To determine more detailed target site recognition rules, it is necessary to test a large number of different nucleotide combinations. For this purpose, we developed a new E. coli genetic assay (Fig. 1C) in which a modified Ll.LtrB intron containing a phage T7 promoter near its 3′ end is expressed from a T7lac promoter in a chloramphenicol-resistant (CamR) donor plasmid (pACD-LtrB) (12). A compatible ampicillin-resistant (AmpR) recipient plasmid (pUCR-LtrB/Tet) contains the Ll.LtrB target site (ligated E1-E2 sequence) inserted upstream of a promoterless tetracycline resistance (tetR ) gene (13), so that movement of the intron into the target site activates the expression of that gene.
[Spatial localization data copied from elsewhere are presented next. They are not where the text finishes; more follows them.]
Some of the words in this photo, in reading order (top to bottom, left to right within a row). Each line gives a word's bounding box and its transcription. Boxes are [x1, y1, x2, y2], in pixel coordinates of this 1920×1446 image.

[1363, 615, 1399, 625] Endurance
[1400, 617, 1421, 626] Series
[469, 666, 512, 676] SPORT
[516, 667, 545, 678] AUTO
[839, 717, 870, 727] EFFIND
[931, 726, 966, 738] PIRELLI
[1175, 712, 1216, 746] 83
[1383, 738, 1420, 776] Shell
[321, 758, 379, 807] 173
To assay mobility, we cotransformed the donor and recipient plasmids into an E. coli(DE3) strain, which contains an isopropyl-β-d-thiogalactopyranoside (IPTG)–inducible T7 RNA polymerase (14). After induction with 2 mM IPTG, cells cotransformed with the wild-type donor, and recipient plasmids gave 10 to 40% AmpRTetR colonies indicative of mobility events, compared to 0.001% for cells transformed with the AmpR recipient plasmid alone. Correct integration of the intron was confirmed by DNA sequencing of 10 mobility events.
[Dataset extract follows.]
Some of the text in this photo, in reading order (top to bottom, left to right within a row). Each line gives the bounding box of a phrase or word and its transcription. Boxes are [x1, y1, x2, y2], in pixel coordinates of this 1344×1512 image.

As expected, efficient mobility was abolished by mutations that delete a large segment of the intron open reading frame (ΔORF), inhibit the RT (YAAA) or DNA endonuclease (ΔZn or ΔConZn) activities of the IEP, or inhibit the ribozyme activity of the intron RNA (ΔD5) (15). Further, in experiments using a “twintron” construct, in which a self-splicing group I intron (thetd intron) was inserted into the group II intron (8), 95% of the mobility products had spliced thetd intron; this result confirmed that mobility occurs through an RNA intermediate (16). Deletion analysis showed that a target site extending from positions −25 to +9 was sufficient for maximal mobility, whereas further 5′ deletions to −13 reduced mobility by a factor of ∼7000 and 3′ deletions to +4 reduced mobility by a factor of ∼240.

Use of the donor plasmid pACD-ΔORF+ORF1 led to a marked increase in mobility frequency (Fig. 1D) (17). This plasmid has a large deletion in the “loop” of intron domain IV, which removes most of the LtrA ORF, and expresses the LtrA protein separately from a position downstream of the 3′ exon. This configuration gave very high mobility frequencies (∼70% TetR colonies), even without IPTG induction to stimulate donor plasmid transcription, and the frequencies increased to 100% with a low concentration of IPTG (100 μM). The increased mobility frequencies appear to be due to greater resistance of the ΔORF intron to nucleolytic cleavage in domain IV rather than increased expression of the LtrA protein (18).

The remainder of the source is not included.